Kind of sad if this stuff is true though. I'd like to think if a thief stole my server they don't have a key or password unless they steal whatever media has my key and makes me give them the password. :)

 

[Dusan]

I did not imagined that FreeBSD/Freenas left the important data (like you mentionned password, logs, config or evengeli keys) simply stored 'in clear' on the media. I am even quite surprised because, I can be wrong but, I think that even Windows encrypt sensible datas (not talking of whole drive Bitlocker encryption) to reduce such vulnerability.

There's not much you can learn from the USB key. It only contains hashed passowords so, yes, you can change them, but not read them; logs are not stored on the key; geli keys are there by design so that automount works. If you do not want automout use a passphrase
Think about it, it is not possible to have at the same time the automount you desire and the security you want. You could completely encrypt the USB stick, but for the unattended automount you would still need to store that key unencrypted somewhere. If the thing boots unattended and decrypts the pool then anybody who has access to the HW can get the data. You should set a passphrase to prevent that but you will lose the automout.

 

[Dusan]

If I'm uploading a keyfile and password to unlock my pool and the keyfile is being stored on the USB, they only need my password after stealing my server to decrypt it from what I understand.

Yes and that's why you should use a strong passphrase. The new design gives you choice. You can use a passphrase and be safe if somebody stoles the server. Or, do not use passphrase and have automount. This makes sense for somebody who does worry about the server being stolen, but wants to be able to discard failed drives without having to worry that somebody would be able to recover any data (i.e. if the drive electronics fail you are not able to easily run DBAN).

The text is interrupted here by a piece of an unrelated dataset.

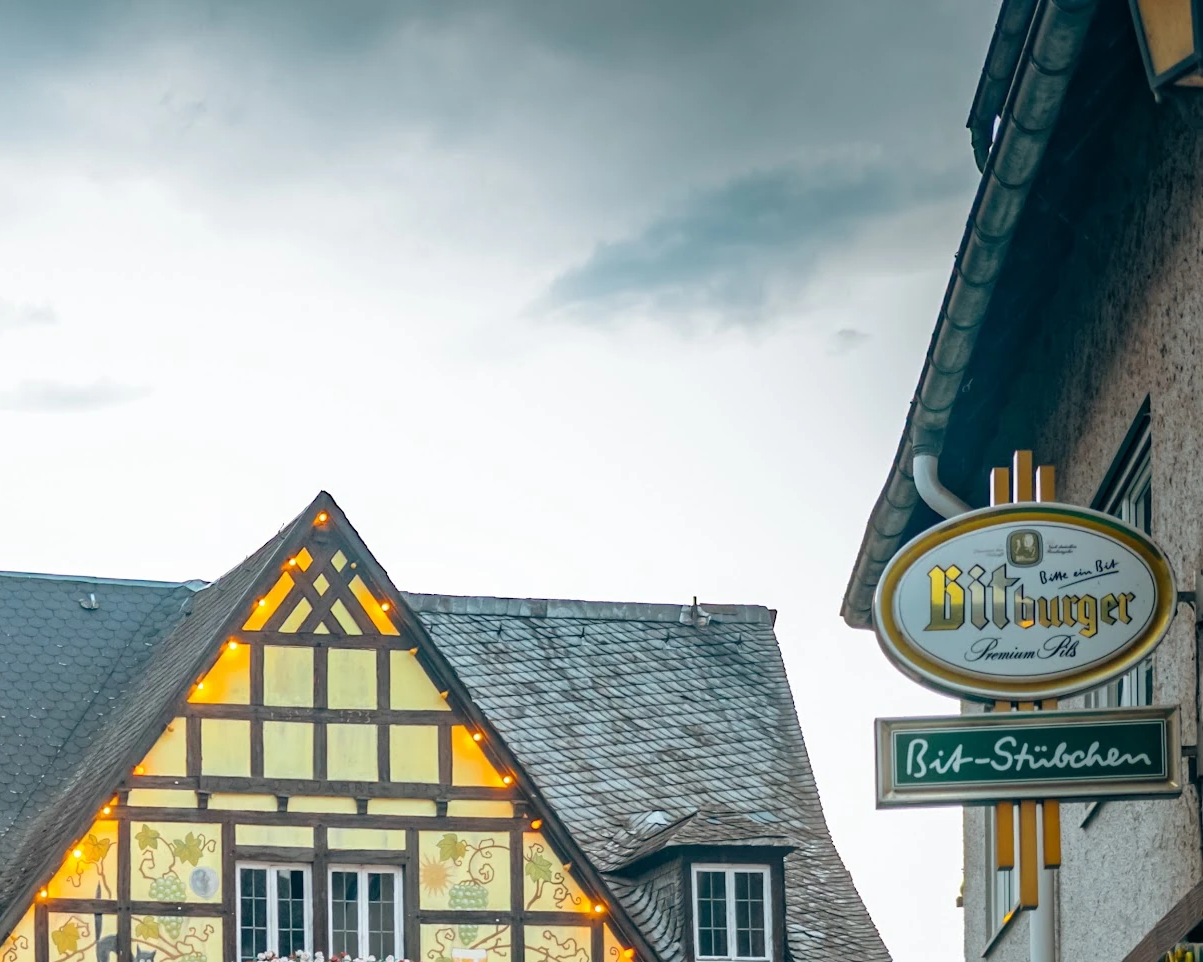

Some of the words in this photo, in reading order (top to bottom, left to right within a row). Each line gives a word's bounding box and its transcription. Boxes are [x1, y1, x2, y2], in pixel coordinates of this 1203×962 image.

And if I'm uploading the recovery key via the GUI... I think that means that my key is being saved to the USB stick, which may mean that I just gave the theoretical thief access to my pool if they know where to get my key from the USB stick.

No, the recovery key is never stored on the USB stick. It is only briefly stored in /tmp and that is a ramdisk, so any traces of the key dissappear on shutdown.